If you are planning a pregnancy or are already pregnant, recent research indicates that it's in your baby's best interest to keep your blood sugar levels below 95 mg/dl, especially in the second and third trimesters of your pregnancy.
Researchers at the Institute of Obstetrics and Gynecology at the University of Florence, in Florence, Italy, studied 98 women with type 1 diabetes from the 12th week of pregnancy to the time they gave birth. They found that mothers whose blood sugar was regularly greater than 95 mg/dl in the second and third trimesters of pregnancy had an increased risk of bearing babies with macrosomia, a condition in which a baby is considered large.
Macrosomia can make giving birth difficult for you and raise the risk of injury to both you and your baby during labor. The condition most likely develops when blood sugar passes through the placenta and gives the developing baby high blood sugar levels in the womb. In turn, the baby's pancreas produces extra insulin, which makes the baby extra big. (The mother's insulin does not cross the placenta.) The extra insulin can put your baby at risk for low blood sugar at birth.

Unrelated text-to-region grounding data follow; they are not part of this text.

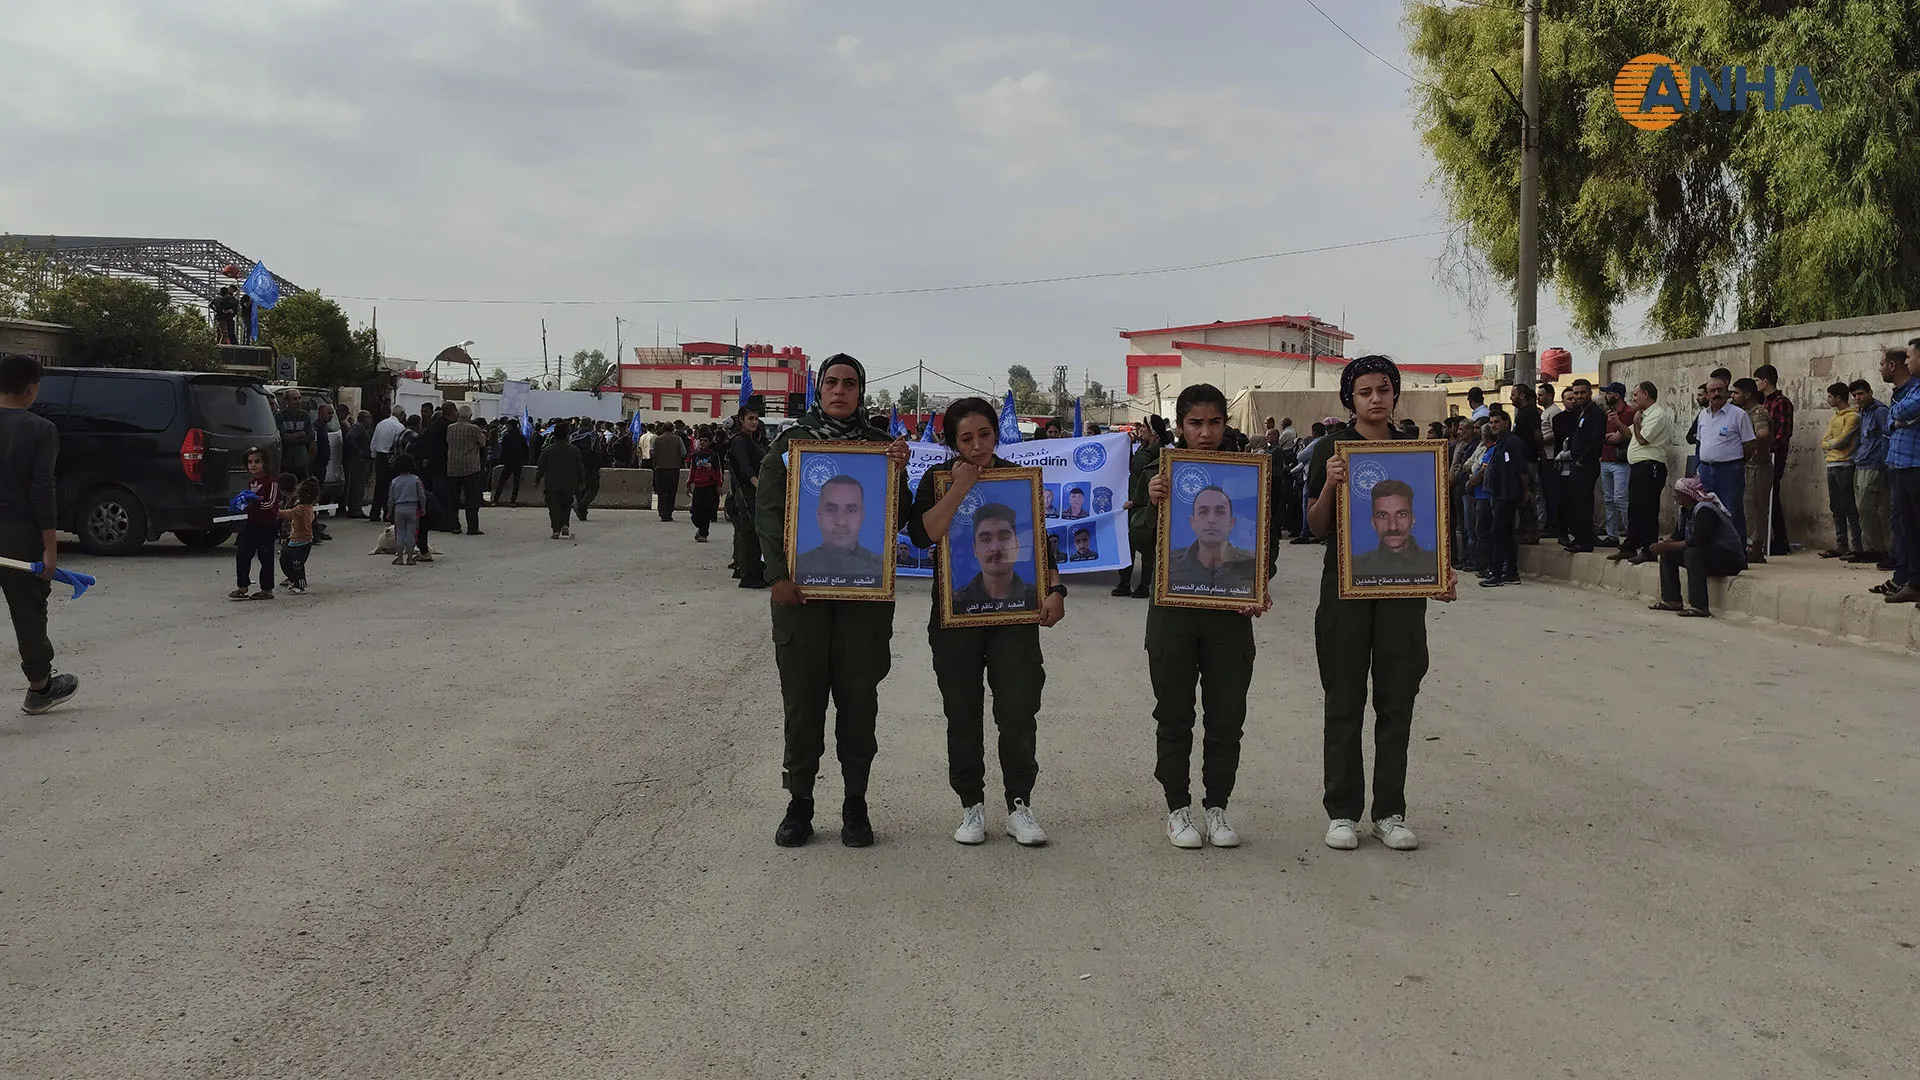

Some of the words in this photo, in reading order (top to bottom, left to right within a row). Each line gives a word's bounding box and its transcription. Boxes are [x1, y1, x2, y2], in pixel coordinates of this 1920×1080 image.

[831, 577, 846, 585] صالح
[853, 577, 875, 585] الشهيد
[1172, 583, 1195, 591] الحسين
[1210, 586, 1226, 594] بسام
[1229, 587, 1251, 595] الشهيد

Infants with high amounts of insulin at birth are at risk for being overweight as children and adults; thus they are at risk for type 2 diabetes later in life.
In the Italian study, researchers separated study participants into three groups. The mothers in the first group kept their blood sugar levels at or below 95 mg/dl during the second and third trimesters of pregnancy. The second group had average daily blood sugar values of more than 95 mg/dl during the second trimester, but equal to or less than 95 mg/dl during the third trimester. In the third group, mothers had average daily blood sugar levels of more than 95 mg/dl during both the second and third trimesters of pregnancy.